Given records:
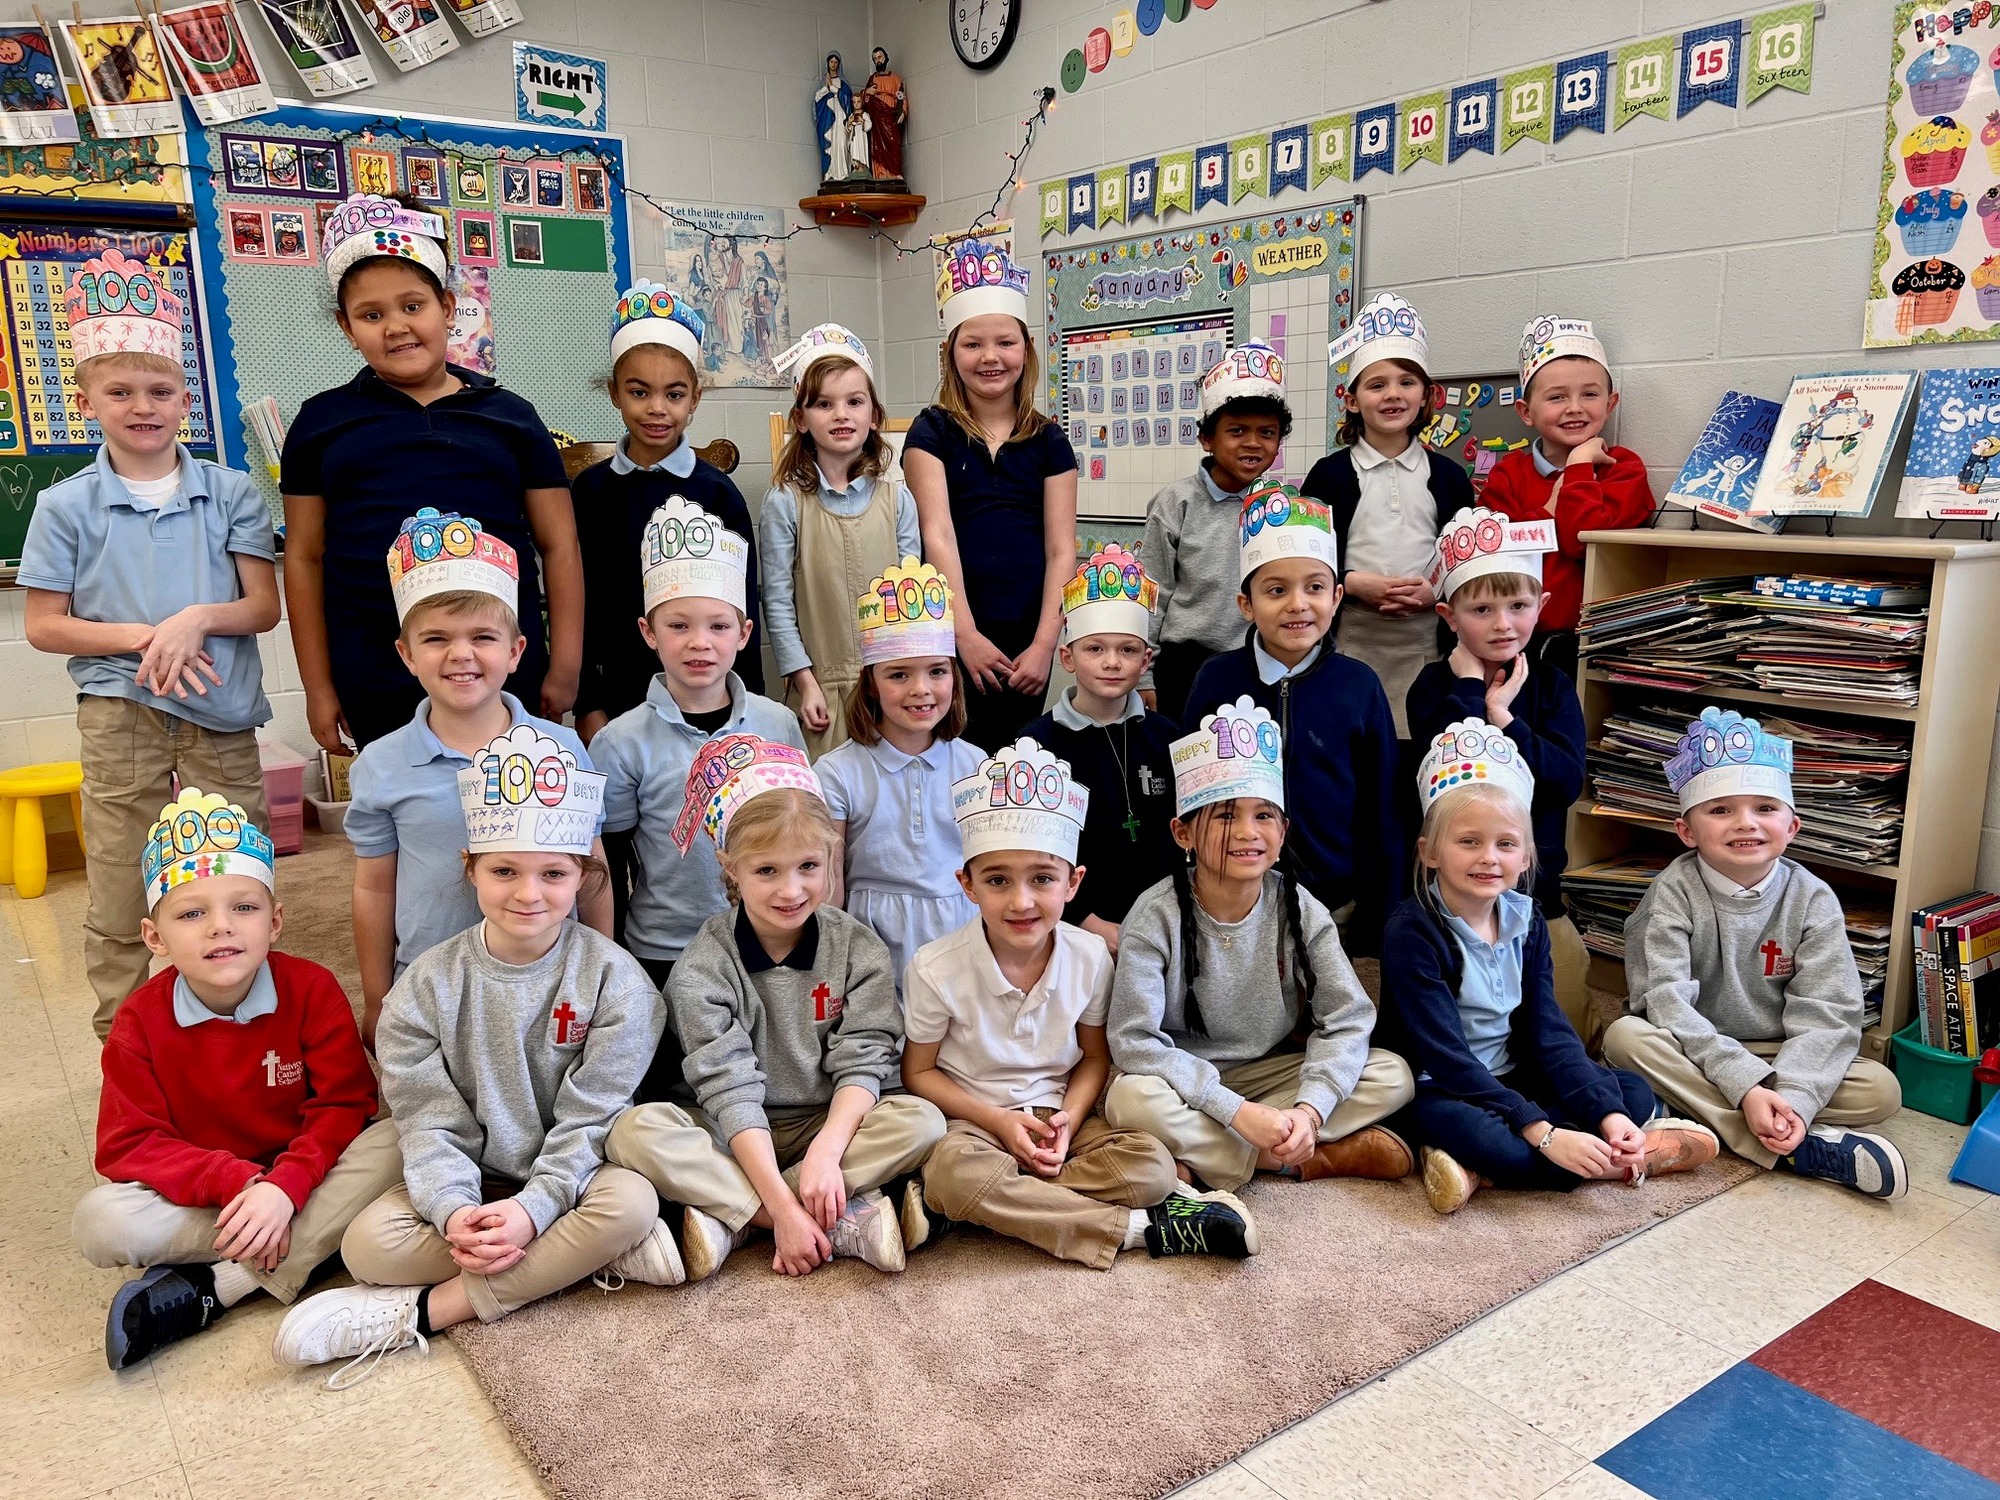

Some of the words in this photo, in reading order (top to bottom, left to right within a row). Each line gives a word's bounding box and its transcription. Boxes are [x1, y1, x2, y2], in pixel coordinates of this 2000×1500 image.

[958, 9, 966, 22] 9
[999, 14, 1007, 27] 4
[1141, 4, 1155, 28] 3
[962, 28, 970, 41] 8
[991, 32, 999, 46] 5
[980, 42, 988, 55] 6
[1764, 31, 1796, 62] 16
[1695, 48, 1724, 77] 15
[528, 63, 594, 94] RIGHT
[1629, 61, 1657, 90] 14
[1757, 67, 1810, 86] sixteen
[1567, 77, 1592, 103] 13
[1687, 83, 1731, 99] fifteen
[1515, 88, 1539, 114] 12
[1622, 94, 1670, 115] fourteen
[1462, 102, 1481, 127] 11
[1411, 114, 1433, 138] 10
[1507, 121, 1544, 138] twelve
[1368, 125, 1380, 147] 9
[1456, 133, 1492, 148] eleven
[1325, 134, 1337, 156] 8
[1918, 136, 1948, 151] April
[1284, 144, 1294, 164] 7
[1409, 144, 1433, 158] ten
[1244, 153, 1254, 172] 6
[1319, 162, 1343, 176] eight
[1207, 161, 1216, 180] 5
[1169, 168, 1179, 187] 4
[1107, 182, 1115, 200] 2
[1138, 176, 1145, 194] 3
[1049, 194, 1058, 213] 0
[1078, 190, 1085, 207] 1
[1162, 195, 1184, 204] four
[687, 207, 702, 217] the
[703, 208, 725, 219] little
[726, 210, 764, 222] children
[1102, 207, 1119, 219] two
[1919, 203, 1941, 219] July
[16, 230, 109, 253] Numbers
[115, 233, 166, 257] 1-100
[1257, 242, 1323, 268] WEATHER
[173, 270, 184, 281] 10
[1910, 275, 1947, 288] October
[16, 283, 24, 294] 11
[33, 284, 45, 294] 12
[52, 284, 63, 295] 13
[1097, 271, 1183, 299] January
[174, 289, 188, 299] 20
[16, 302, 28, 312] 21
[34, 302, 49, 313] 22
[53, 303, 66, 313] 23
[20, 321, 31, 331] 31
[37, 321, 51, 331] 32
[56, 321, 70, 331] 33
[22, 339, 34, 349] 41
[39, 339, 54, 349] 42
[58, 339, 73, 350] 43
[181, 342, 195, 352] 50
[1330, 331, 1360, 358] HAPPY
[25, 357, 36, 367] 51
[42, 358, 57, 368] 52
[61, 358, 75, 368] 53
[183, 359, 197, 369] 60
[27, 376, 39, 386] 61
[44, 375, 59, 386] 62
[63, 376, 78, 386] 63
[186, 376, 199, 386] 70
[1204, 364, 1233, 390] HAPPY
[1968, 377, 2000, 390] WIN
[1183, 388, 1194, 401] 13
[1464, 382, 1495, 408] 99
[1793, 387, 1806, 395] All
[1805, 386, 1820, 394] You
[1820, 384, 1842, 393] Need
[1843, 383, 1855, 392] for
[1863, 382, 1904, 391] Snowman
[30, 394, 42, 404] 71
[47, 394, 62, 404] 72
[1114, 395, 1124, 407] 10
[1135, 392, 1144, 405] 11
[1160, 391, 1170, 404] 12
[33, 412, 44, 422] 81
[50, 412, 65, 422] 82
[69, 412, 83, 422] 83
[189, 411, 204, 421] 90
[1459, 408, 1473, 434] 5
[1939, 396, 2000, 433] SNO
[1157, 425, 1167, 438] 19
[1181, 424, 1192, 437] 20
[1748, 415, 1776, 435] JAC
[36, 430, 47, 440] 91
[52, 430, 67, 440] 92
[71, 430, 86, 440] 93
[88, 429, 103, 439] 94
[190, 429, 207, 439] 100
[1073, 426, 1083, 439] 15
[1116, 426, 1124, 439] 17
[1136, 425, 1146, 439] 18
[1462, 435, 1478, 460] 6
[1736, 432, 1771, 454] FROS
[1084, 561, 1141, 601] 100
[1172, 739, 1213, 765] HAPPY
[573, 781, 600, 801] DAY!
[953, 785, 987, 810] HAPPY
[1943, 967, 1959, 1010] SPACE

Exercise requirements:
The expected output is each line of the records above that includes the word "HAPPY".

Task result:
[1330, 331, 1360, 358] HAPPY
[1204, 364, 1233, 390] HAPPY
[1172, 739, 1213, 765] HAPPY
[953, 785, 987, 810] HAPPY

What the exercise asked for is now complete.